## ASSIGNED TASK
Each line in the listing below that includes "text" should be counted; give the total and nothing more.

## SUPPLIED DATA
_ _ _

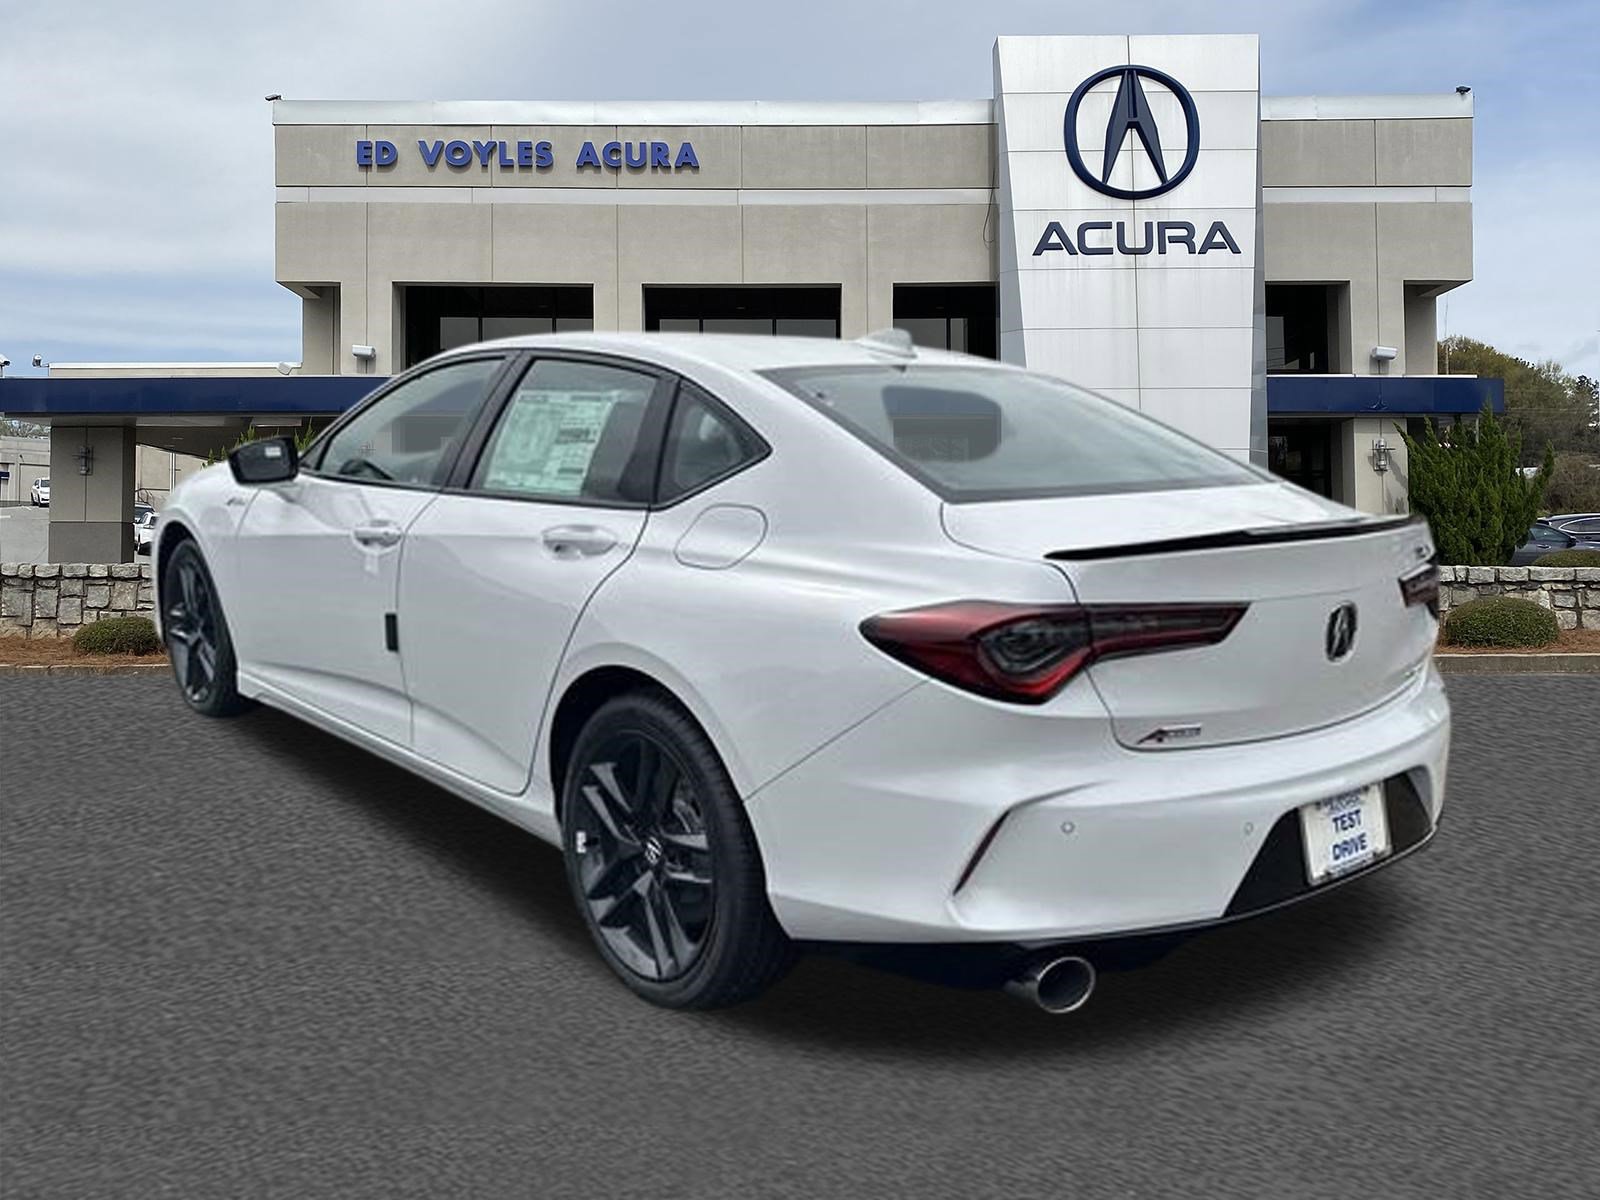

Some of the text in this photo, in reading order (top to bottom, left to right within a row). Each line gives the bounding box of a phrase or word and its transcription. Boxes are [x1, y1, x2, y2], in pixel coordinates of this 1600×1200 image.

_ _ _

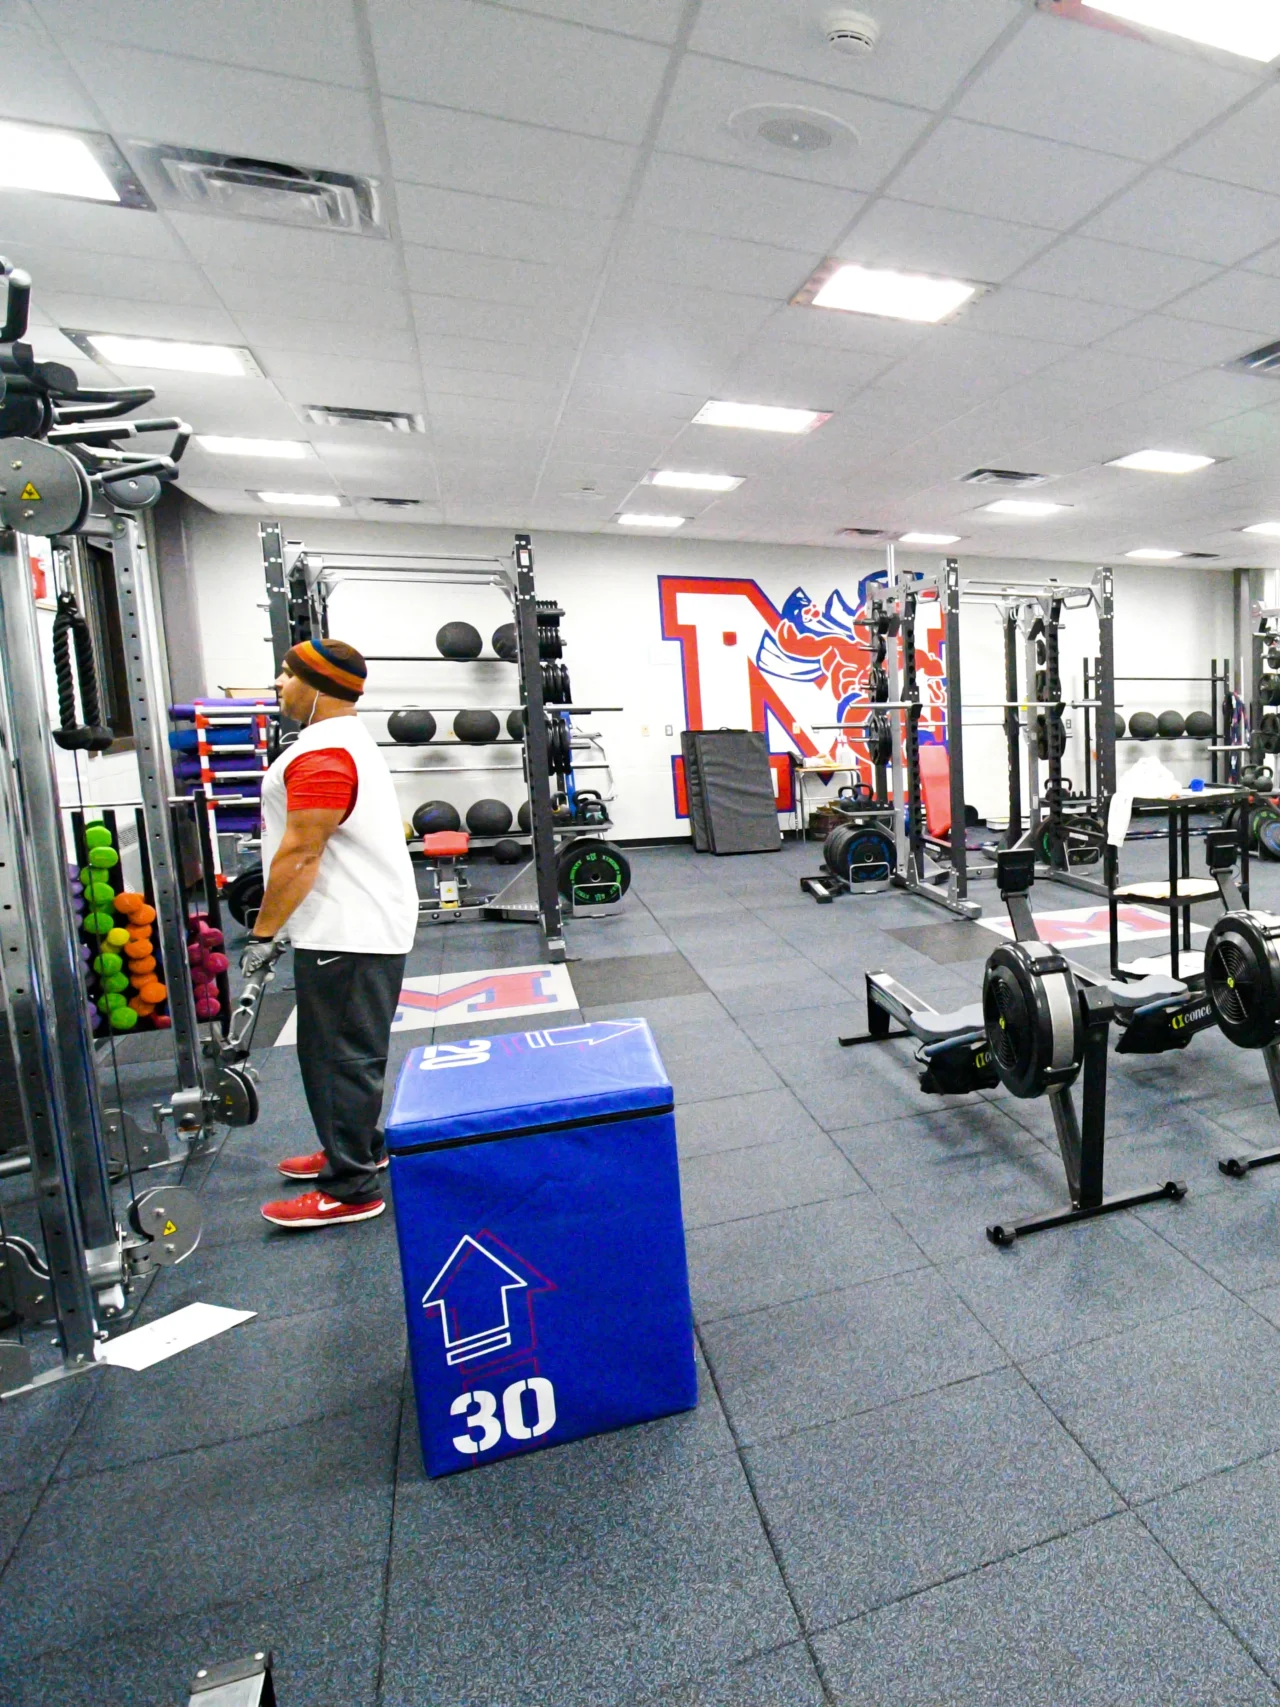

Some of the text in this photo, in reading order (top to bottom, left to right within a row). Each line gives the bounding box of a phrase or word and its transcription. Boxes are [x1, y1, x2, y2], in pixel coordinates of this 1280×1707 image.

_ _ _

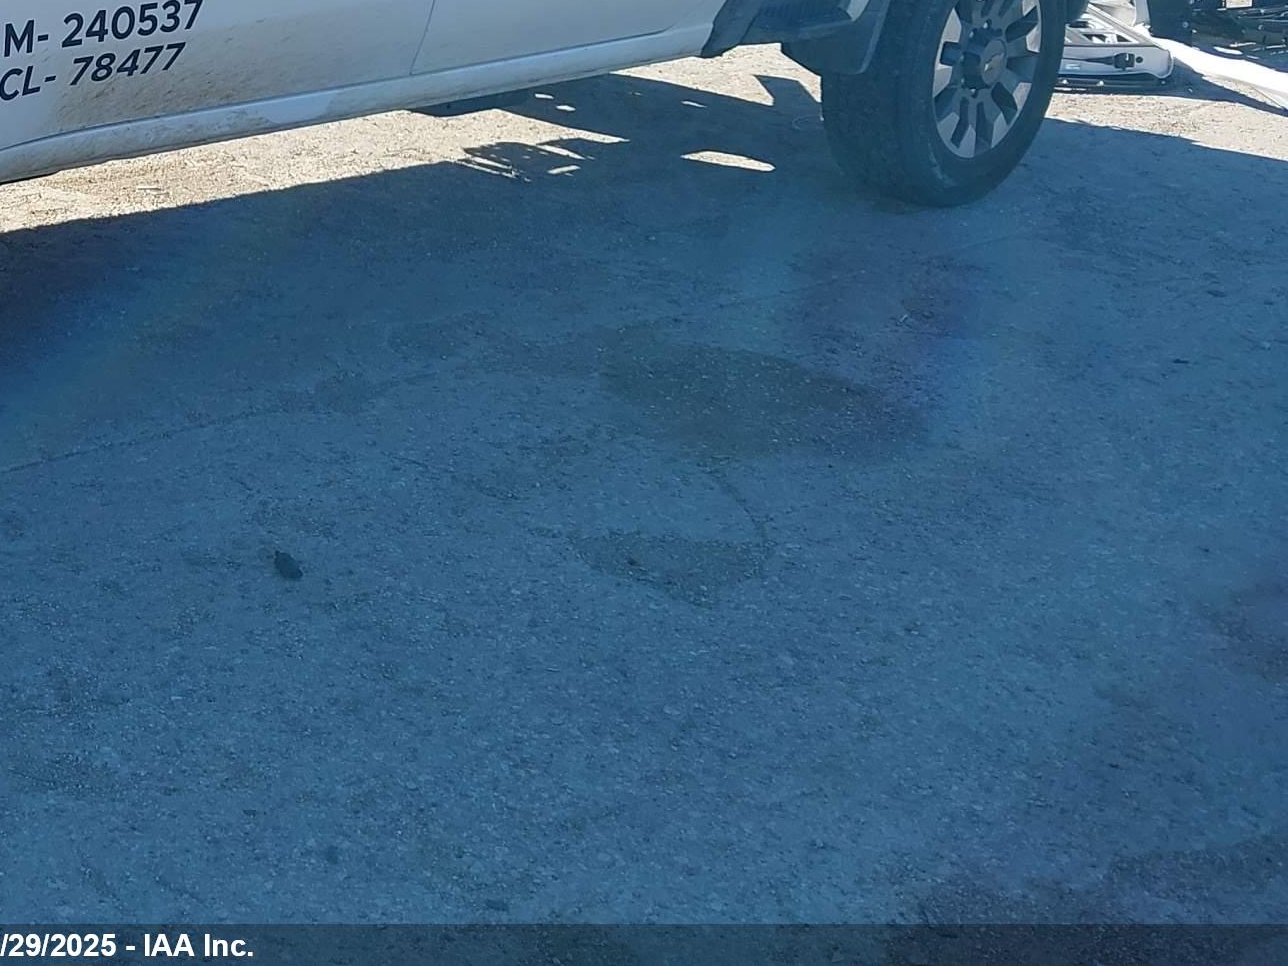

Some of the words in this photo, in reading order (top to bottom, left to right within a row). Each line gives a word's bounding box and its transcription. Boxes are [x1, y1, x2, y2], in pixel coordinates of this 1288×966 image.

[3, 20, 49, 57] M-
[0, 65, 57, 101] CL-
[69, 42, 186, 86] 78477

_ _ _

## RESPONSE
2